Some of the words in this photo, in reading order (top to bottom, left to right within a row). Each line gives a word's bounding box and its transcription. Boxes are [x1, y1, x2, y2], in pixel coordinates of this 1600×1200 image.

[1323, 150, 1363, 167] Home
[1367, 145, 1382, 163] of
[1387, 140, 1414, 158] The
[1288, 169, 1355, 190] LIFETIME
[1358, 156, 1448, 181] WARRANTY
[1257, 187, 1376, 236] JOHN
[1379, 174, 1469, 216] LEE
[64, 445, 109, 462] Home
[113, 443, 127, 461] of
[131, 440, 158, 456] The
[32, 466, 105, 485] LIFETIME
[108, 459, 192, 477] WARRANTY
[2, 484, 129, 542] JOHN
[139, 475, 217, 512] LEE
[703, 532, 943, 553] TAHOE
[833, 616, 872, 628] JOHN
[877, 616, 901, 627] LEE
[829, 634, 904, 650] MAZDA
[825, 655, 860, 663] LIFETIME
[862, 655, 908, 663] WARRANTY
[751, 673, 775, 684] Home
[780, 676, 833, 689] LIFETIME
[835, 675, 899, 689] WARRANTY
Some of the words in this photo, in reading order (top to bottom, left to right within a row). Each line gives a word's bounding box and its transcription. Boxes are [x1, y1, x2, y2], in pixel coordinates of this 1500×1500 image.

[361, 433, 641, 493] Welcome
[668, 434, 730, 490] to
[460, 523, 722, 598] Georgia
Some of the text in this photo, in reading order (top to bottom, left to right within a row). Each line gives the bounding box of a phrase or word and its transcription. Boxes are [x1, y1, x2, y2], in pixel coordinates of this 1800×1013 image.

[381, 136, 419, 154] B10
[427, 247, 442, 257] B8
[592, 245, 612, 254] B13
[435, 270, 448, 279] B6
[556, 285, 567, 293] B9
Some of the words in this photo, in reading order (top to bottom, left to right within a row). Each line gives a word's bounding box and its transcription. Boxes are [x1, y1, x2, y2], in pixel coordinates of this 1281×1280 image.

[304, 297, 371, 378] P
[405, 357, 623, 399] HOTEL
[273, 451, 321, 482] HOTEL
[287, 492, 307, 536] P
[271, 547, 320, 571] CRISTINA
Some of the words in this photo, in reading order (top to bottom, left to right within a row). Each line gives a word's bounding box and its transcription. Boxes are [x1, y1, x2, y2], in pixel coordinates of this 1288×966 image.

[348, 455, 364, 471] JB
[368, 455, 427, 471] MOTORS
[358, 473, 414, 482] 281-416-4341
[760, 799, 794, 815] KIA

- _Your objective_: The data above should be output exactly, with each line intact.

- _Answer to the exercise_:
Some of the words in this photo, in reading order (top to bottom, left to right within a row). Each line gives a word's bounding box and its transcription. Boxes are [x1, y1, x2, y2], in pixel coordinates of this 1600×1200 image.

[1323, 150, 1363, 167] Home
[1367, 145, 1382, 163] of
[1387, 140, 1414, 158] The
[1288, 169, 1355, 190] LIFETIME
[1358, 156, 1448, 181] WARRANTY
[1257, 187, 1376, 236] JOHN
[1379, 174, 1469, 216] LEE
[64, 445, 109, 462] Home
[113, 443, 127, 461] of
[131, 440, 158, 456] The
[32, 466, 105, 485] LIFETIME
[108, 459, 192, 477] WARRANTY
[2, 484, 129, 542] JOHN
[139, 475, 217, 512] LEE
[703, 532, 943, 553] TAHOE
[833, 616, 872, 628] JOHN
[877, 616, 901, 627] LEE
[829, 634, 904, 650] MAZDA
[825, 655, 860, 663] LIFETIME
[862, 655, 908, 663] WARRANTY
[751, 673, 775, 684] Home
[780, 676, 833, 689] LIFETIME
[835, 675, 899, 689] WARRANTY
Some of the words in this photo, in reading order (top to bottom, left to right within a row). Each line gives a word's bounding box and its transcription. Boxes are [x1, y1, x2, y2], in pixel coordinates of this 1500×1500 image.

[361, 433, 641, 493] Welcome
[668, 434, 730, 490] to
[460, 523, 722, 598] Georgia
Some of the text in this photo, in reading order (top to bottom, left to right within a row). Each line gives the bounding box of a phrase or word and its transcription. Boxes are [x1, y1, x2, y2], in pixel coordinates of this 1800×1013 image.

[381, 136, 419, 154] B10
[427, 247, 442, 257] B8
[592, 245, 612, 254] B13
[435, 270, 448, 279] B6
[556, 285, 567, 293] B9
Some of the words in this photo, in reading order (top to bottom, left to right within a row). Each line gives a word's bounding box and its transcription. Boxes are [x1, y1, x2, y2], in pixel coordinates of this 1281×1280 image.

[304, 297, 371, 378] P
[405, 357, 623, 399] HOTEL
[273, 451, 321, 482] HOTEL
[287, 492, 307, 536] P
[271, 547, 320, 571] CRISTINA
Some of the words in this photo, in reading order (top to bottom, left to right within a row). Each line gives a word's bounding box and its transcription. Boxes are [x1, y1, x2, y2], in pixel coordinates of this 1288×966 image.

[348, 455, 364, 471] JB
[368, 455, 427, 471] MOTORS
[358, 473, 414, 482] 281-416-4341
[760, 799, 794, 815] KIA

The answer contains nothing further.